== What the task asks ==
Print all records exactly, leaving nothing out.

##### Source material

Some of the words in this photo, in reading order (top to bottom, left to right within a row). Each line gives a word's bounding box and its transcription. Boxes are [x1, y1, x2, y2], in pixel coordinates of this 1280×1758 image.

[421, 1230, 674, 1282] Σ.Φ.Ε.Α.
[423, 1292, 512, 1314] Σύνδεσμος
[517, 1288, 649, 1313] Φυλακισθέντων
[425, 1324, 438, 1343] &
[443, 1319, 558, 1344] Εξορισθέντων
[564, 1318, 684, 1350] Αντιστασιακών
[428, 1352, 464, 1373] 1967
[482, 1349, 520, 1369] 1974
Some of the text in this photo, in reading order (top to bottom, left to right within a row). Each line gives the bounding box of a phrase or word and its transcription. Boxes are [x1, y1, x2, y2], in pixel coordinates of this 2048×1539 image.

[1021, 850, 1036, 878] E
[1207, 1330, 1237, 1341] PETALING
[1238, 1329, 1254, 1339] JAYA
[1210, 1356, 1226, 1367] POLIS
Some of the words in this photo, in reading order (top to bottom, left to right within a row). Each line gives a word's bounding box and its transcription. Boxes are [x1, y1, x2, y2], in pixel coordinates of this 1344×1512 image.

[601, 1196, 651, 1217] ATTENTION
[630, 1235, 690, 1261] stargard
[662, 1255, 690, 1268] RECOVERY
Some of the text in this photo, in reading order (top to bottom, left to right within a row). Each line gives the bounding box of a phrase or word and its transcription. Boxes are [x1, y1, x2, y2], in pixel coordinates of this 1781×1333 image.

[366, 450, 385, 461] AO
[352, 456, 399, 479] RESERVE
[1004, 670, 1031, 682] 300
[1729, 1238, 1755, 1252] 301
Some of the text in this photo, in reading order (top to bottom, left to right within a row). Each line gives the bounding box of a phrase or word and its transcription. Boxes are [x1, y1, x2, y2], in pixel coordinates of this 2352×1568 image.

##########

== Task result ==
Some of the words in this photo, in reading order (top to bottom, left to right within a row). Each line gives a word's bounding box and its transcription. Boxes are [x1, y1, x2, y2], in pixel coordinates of this 1280×1758 image.

[421, 1230, 674, 1282] Σ.Φ.Ε.Α.
[423, 1292, 512, 1314] Σύνδεσμος
[517, 1288, 649, 1313] Φυλακισθέντων
[425, 1324, 438, 1343] &
[443, 1319, 558, 1344] Εξορισθέντων
[564, 1318, 684, 1350] Αντιστασιακών
[428, 1352, 464, 1373] 1967
[482, 1349, 520, 1369] 1974
Some of the text in this photo, in reading order (top to bottom, left to right within a row). Each line gives the bounding box of a phrase or word and its transcription. Boxes are [x1, y1, x2, y2], in pixel coordinates of this 2048×1539 image.

[1021, 850, 1036, 878] E
[1207, 1330, 1237, 1341] PETALING
[1238, 1329, 1254, 1339] JAYA
[1210, 1356, 1226, 1367] POLIS
Some of the words in this photo, in reading order (top to bottom, left to right within a row). Each line gives a word's bounding box and its transcription. Boxes are [x1, y1, x2, y2], in pixel coordinates of this 1344×1512 image.

[601, 1196, 651, 1217] ATTENTION
[630, 1235, 690, 1261] stargard
[662, 1255, 690, 1268] RECOVERY
Some of the text in this photo, in reading order (top to bottom, left to right within a row). Each line gives the bounding box of a phrase or word and its transcription. Boxes are [x1, y1, x2, y2], in pixel coordinates of this 1781×1333 image.

[366, 450, 385, 461] AO
[352, 456, 399, 479] RESERVE
[1004, 670, 1031, 682] 300
[1729, 1238, 1755, 1252] 301
Some of the text in this photo, in reading order (top to bottom, left to right within a row). Each line gives the bounding box of a phrase or word and its transcription. Boxes are [x1, y1, x2, y2], in pixel coordinates of this 2352×1568 image.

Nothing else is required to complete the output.